[Dataset entries Boundary: Start]

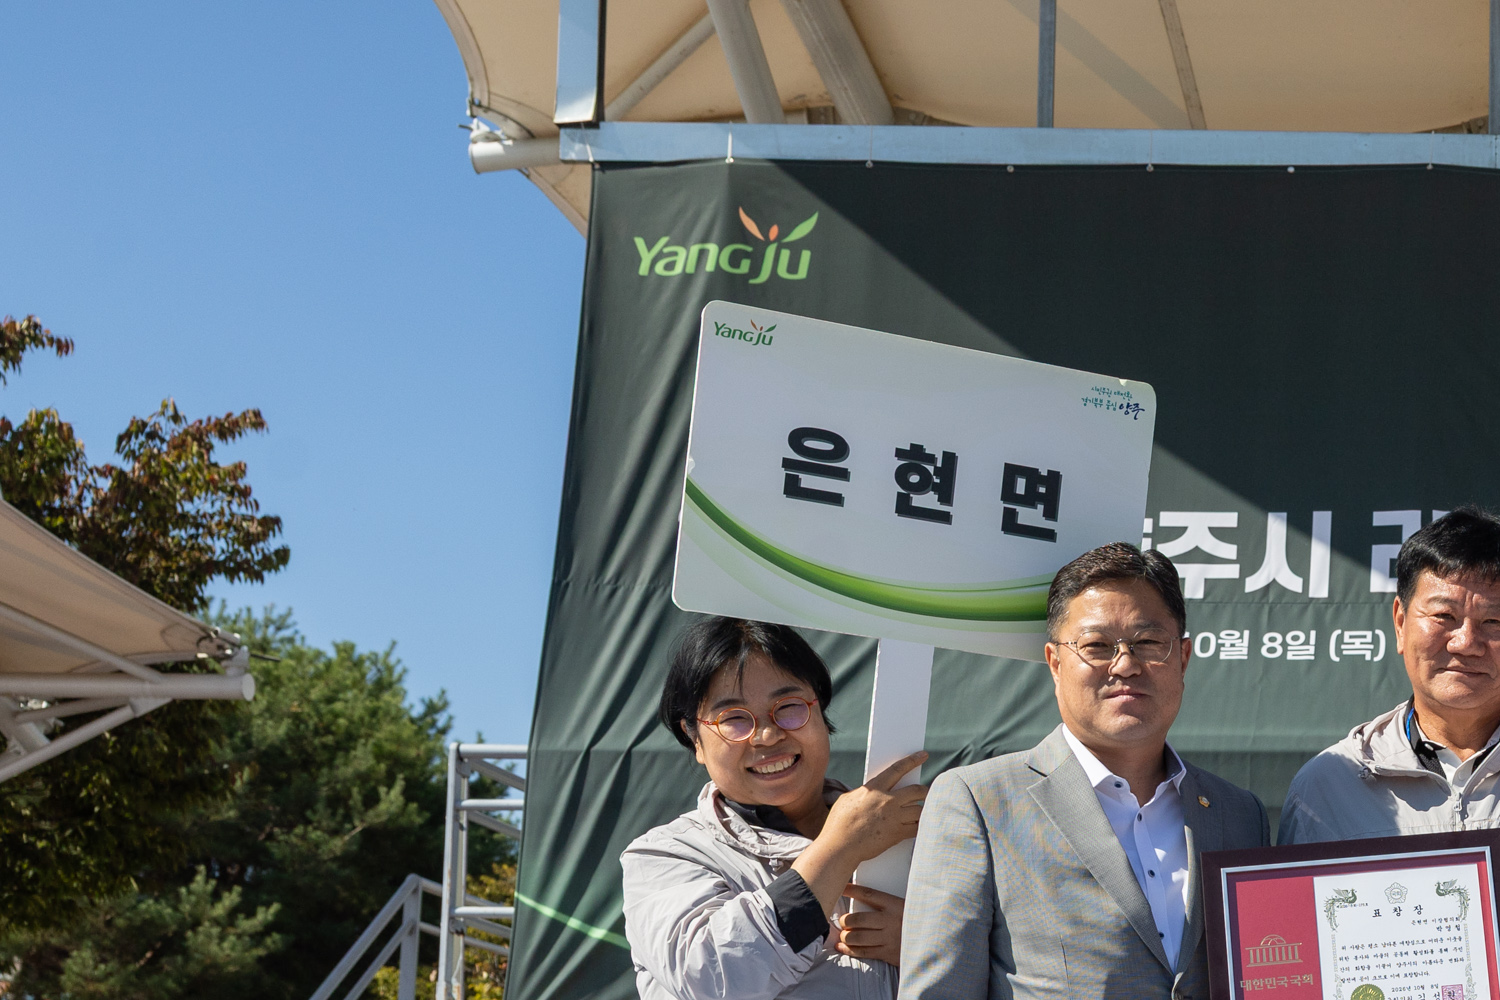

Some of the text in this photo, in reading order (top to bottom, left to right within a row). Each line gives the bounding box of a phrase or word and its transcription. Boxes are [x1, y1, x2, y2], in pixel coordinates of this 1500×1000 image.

[1119, 402, 1146, 420] 양주
[1143, 510, 1334, 600] 주시
[1259, 629, 1316, 662] 8일
[1328, 628, 1387, 662] (목)
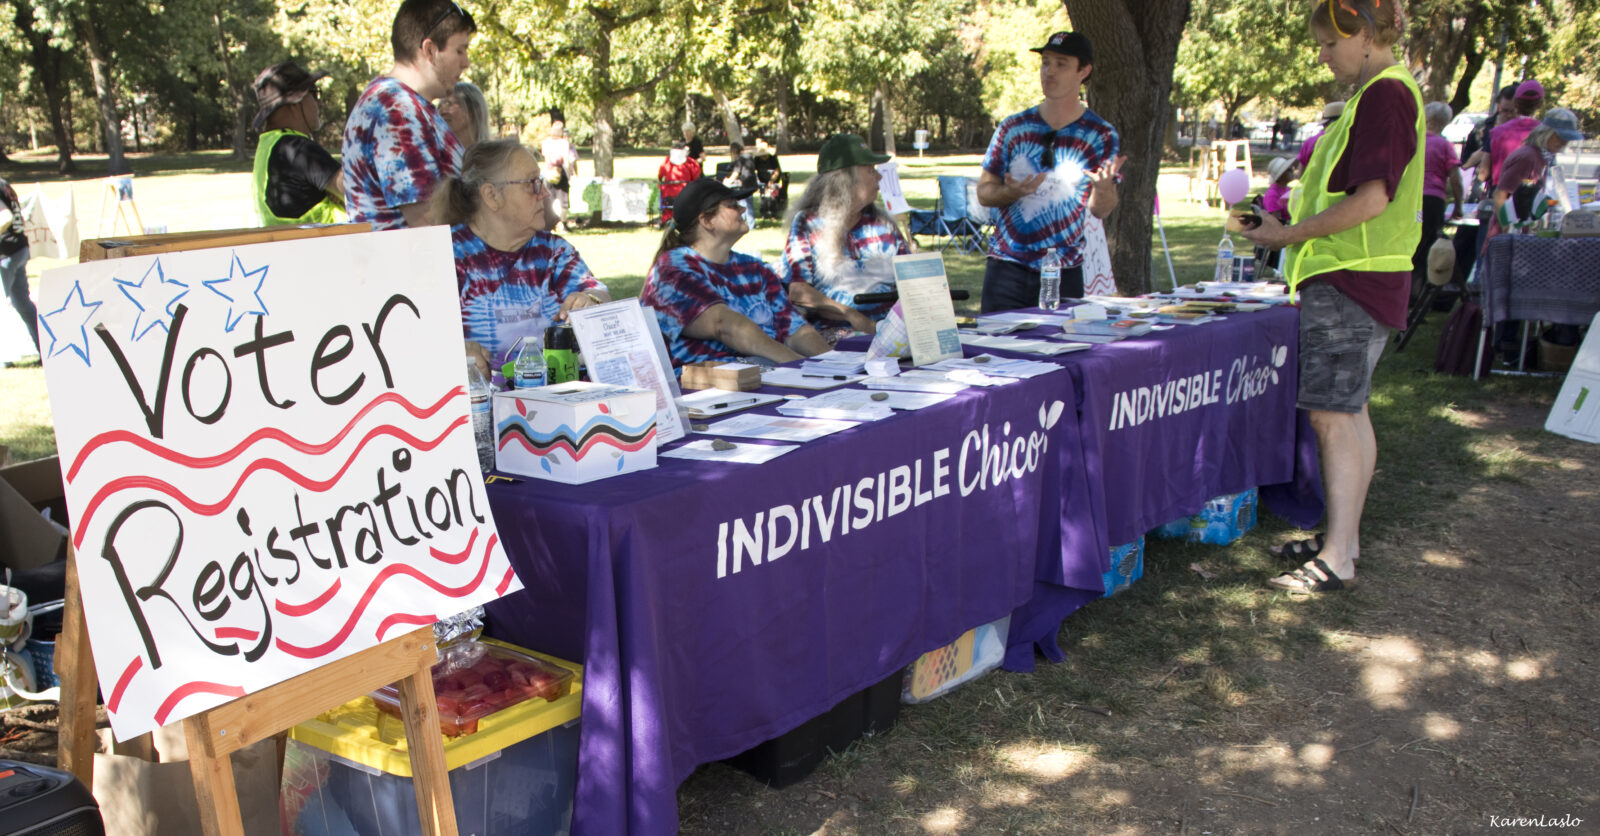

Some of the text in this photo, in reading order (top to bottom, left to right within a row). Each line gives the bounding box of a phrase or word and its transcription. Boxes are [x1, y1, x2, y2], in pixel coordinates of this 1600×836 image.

[Dataset entries Boundary: End]

-- Work item --
Exclude the images and output the lines above exactly.

-- Solution to this exercise --
Some of the text in this photo, in reading order (top to bottom, left to right within a row). Each line gives the bounding box of a phrase or word and its transcription. Boxes are [x1, y1, x2, y2], in pixel coordinates of this 1500×1000 image.

[1119, 402, 1146, 420] 양주
[1143, 510, 1334, 600] 주시
[1259, 629, 1316, 662] 8일
[1328, 628, 1387, 662] (목)

Some of the text in this photo, in reading order (top to bottom, left to right within a row). Each line gives the bounding box of a phrase or word and its transcription. Boxes are [x1, y1, x2, y2], in pixel coordinates of this 1600×836 image.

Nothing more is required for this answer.